> [YOUR OBJECTIVE] Every record below should be retyped exactly, and no picture should appear in the copy.

[Collected data]
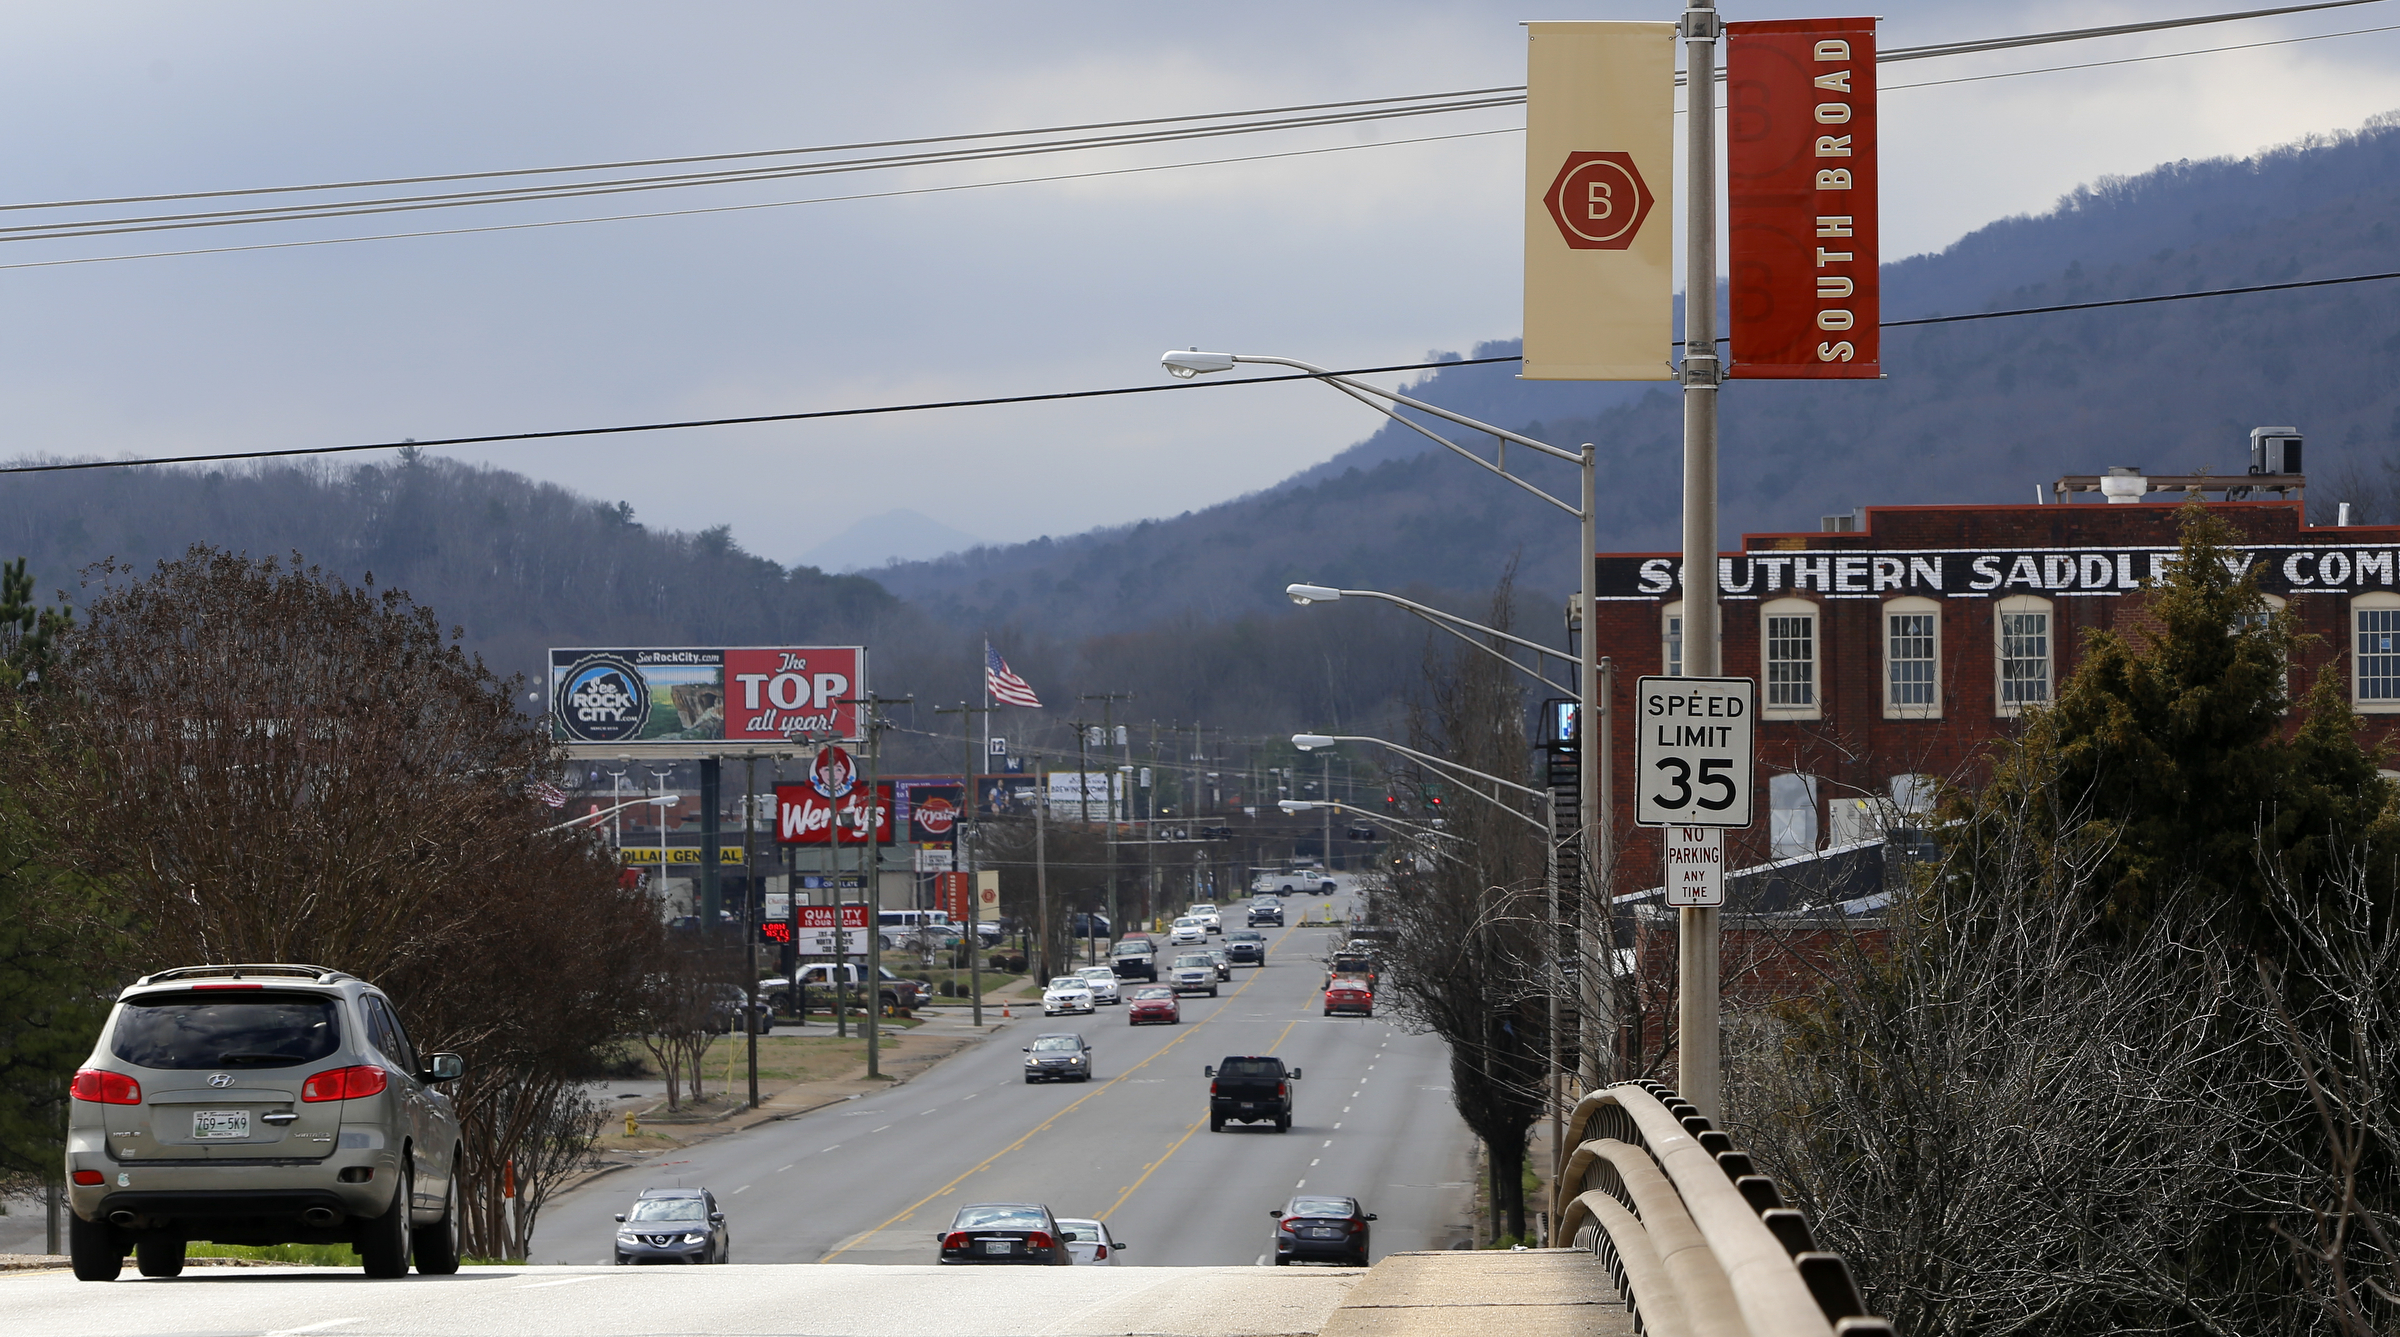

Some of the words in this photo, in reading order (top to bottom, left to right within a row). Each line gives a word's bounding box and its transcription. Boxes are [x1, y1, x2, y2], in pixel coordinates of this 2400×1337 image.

[1813, 38, 1852, 191] BROAD
[1587, 181, 1613, 220] B
[1815, 215, 1854, 363] SOUTH
[1637, 555, 1943, 594] SUTHERN
[1969, 551, 2256, 591] SADDLEY
[2282, 550, 2400, 587] COM
[775, 652, 807, 673] The
[587, 676, 618, 695] See
[735, 672, 849, 711] TOP
[573, 693, 632, 708] ROCK
[1648, 694, 1744, 718] SPEED
[745, 708, 778, 732] all
[778, 708, 838, 738] year!
[1658, 725, 1732, 748] LIMIT
[1652, 757, 1737, 811] 35
[1683, 827, 1704, 843] NO
[621, 850, 669, 862] OLLAR
[673, 850, 740, 862] GENAL
[1669, 847, 1719, 864] PARKING
[1684, 870, 1706, 882] ANY
[1682, 886, 1708, 898] TIME

> [SOLUTION TO THIS TASK]
Some of the words in this photo, in reading order (top to bottom, left to right within a row). Each line gives a word's bounding box and its transcription. Boxes are [x1, y1, x2, y2], in pixel coordinates of this 2400×1337 image.

[1813, 38, 1852, 191] BROAD
[1587, 181, 1613, 220] B
[1815, 215, 1854, 363] SOUTH
[1637, 555, 1943, 594] SUTHERN
[1969, 551, 2256, 591] SADDLEY
[2282, 550, 2400, 587] COM
[775, 652, 807, 673] The
[587, 676, 618, 695] See
[735, 672, 849, 711] TOP
[573, 693, 632, 708] ROCK
[1648, 694, 1744, 718] SPEED
[745, 708, 778, 732] all
[778, 708, 838, 738] year!
[1658, 725, 1732, 748] LIMIT
[1652, 757, 1737, 811] 35
[1683, 827, 1704, 843] NO
[621, 850, 669, 862] OLLAR
[673, 850, 740, 862] GENAL
[1669, 847, 1719, 864] PARKING
[1684, 870, 1706, 882] ANY
[1682, 886, 1708, 898] TIME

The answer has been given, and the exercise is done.